Français, Italiens, Espagnols, Hollandais, Allemands et Suisses commencent à voir fatalement d’un mauvais œil, l’émergence de pareil trublion. Meilleur ami du Gitan, il en avait la personnalité atypique, extraverti en diable, rusé, malin voire comédien à ses heures les plus fastueuses. En compagnie de Roger De Vlaeminck, donc, il échafaudait des plans drastiques pour stopper l’hémorragie merckxienne. Son premier titre de gloire, hormis son succès dans les « Feuilles Mortes », et qui sera hélas son dernier, il l’obtiendra avec une maestria de vieux briscard lors des Championnats du Monde professionnels de Leicester, en Grande-Bretagne fin 1970. A cette occasion, il deviendra champion du monde au nez et à la barbe de tous les ténors du peloton de l’époque. Signe du destin, déjà ? Il coiffe à l’arrivée celui-là même qui l’avait privé un an plus tôt de la tunique irisée amateur, à savoir Leif Mortensen, le Viking ! Ce fut une course échevelée, sans réelle difficulté, bouclée à plus de 41 km/h de moyenne pour une distance conséquente de 272 bornes.
Monsieur, échappée en compagnie de notoriétés telles Gimond (3ème), Godefroi (7ème), Bossi (9ème), De Vlaminick (11ème) ou encore Altier (15ème) et Guimard (14ème), fit preuve d’un culot hors norme pour venir châtier sur la ligne d’arrivée des coursiers plus aguerris à pareilles pressions. On notera pour la petite histoire (course d’équipe oblige), l’arrivée en 29ème position d’Eddy Merckx au sein d’un premier peloton réglé pour la circonstance par le lauréat de la Grande Boucle 1968, le rapide néerlandais à lunettes Jan Janssen. De cette notoriété naissante, le Belge montrera alors un tempérament extravagant à la limite du supportable. Dénué de scrupule, il dénoncera des contrats pourtant dûment authentifiés, s’épanchera dans des déclarations irrévérencieuses à l’égard de son entourage. Il ira même jusqu’à s’enrôler en compagnie de sa formation dans des critériums se déroulant le même jour…

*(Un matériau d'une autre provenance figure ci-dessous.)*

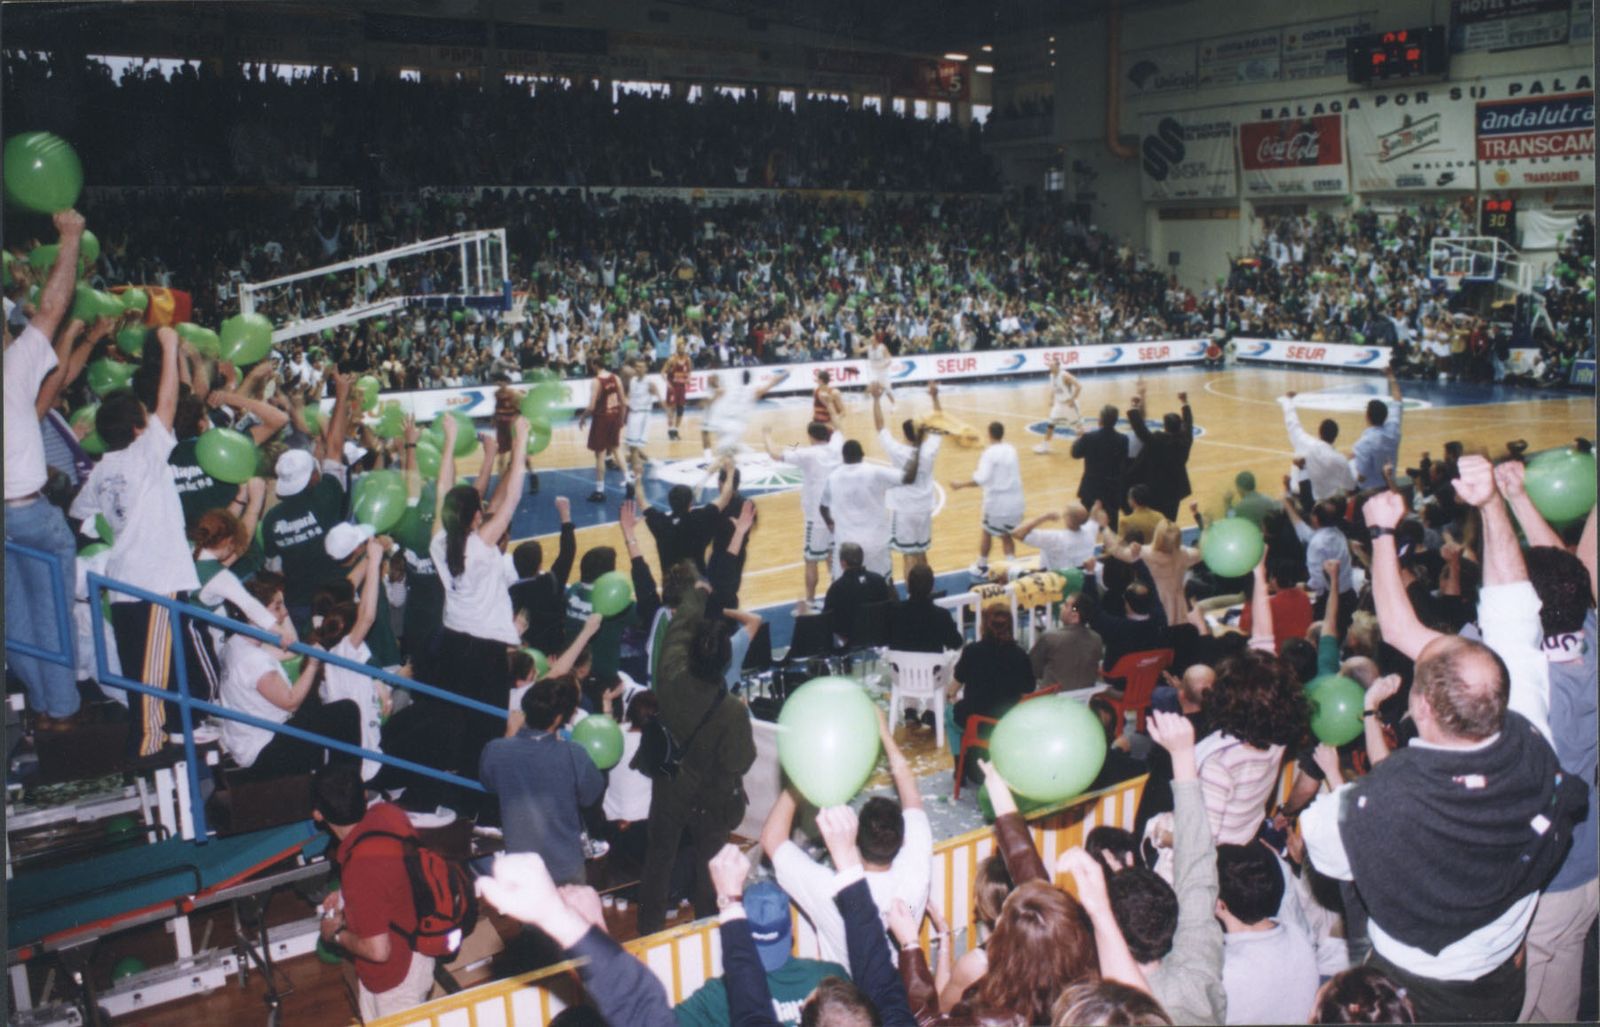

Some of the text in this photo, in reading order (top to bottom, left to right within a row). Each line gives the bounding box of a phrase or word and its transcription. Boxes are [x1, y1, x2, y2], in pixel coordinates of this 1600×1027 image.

Pourtant, ses frasques inconsidérées trouveront un épilogue sans commune mesure, néanmoins, avec le drame du 15 mars 1971. Ce jour-là a lieu un critérium, et comme tant de critériums, la sécurité y est moindre. La circulation y est régulée en amont et en aval de la course. Toutefois, ce jour-là, au cœur du peloton du Grand Prix de Retié, un irresponsable a démontré une nouvelle fois l’égoïsme et l’indiscipline chronique de nos contemporains en général et des automobilistes en particulier. Refusant de stopper à une intersection, le contrevenant vient percuter de plein fouet Jean-Pierre Monséré qui, projeté sur le macadam, décédera sur le coup, victime d’une fracture du crâne. Le destin, car en effet, l’enfant de Roulers avait longuement hésité avant de se décider finalement à prendre part à l’épreuve. Mal lui en prit, il venait de fêter ses 22 ans ! Sa mort suscita un énorme traumatisme au Royaume du Vélo qu’est la Belgique à cette époque, car Monséré, en dehors d’un caractère trempé et l’insouciance d’un enfant trop tôt gâté, réalisait alors un début de carrière exceptionnel et nul doute que le paysage du cyclisme des années 70 en aurait été inexorablement bouleversé.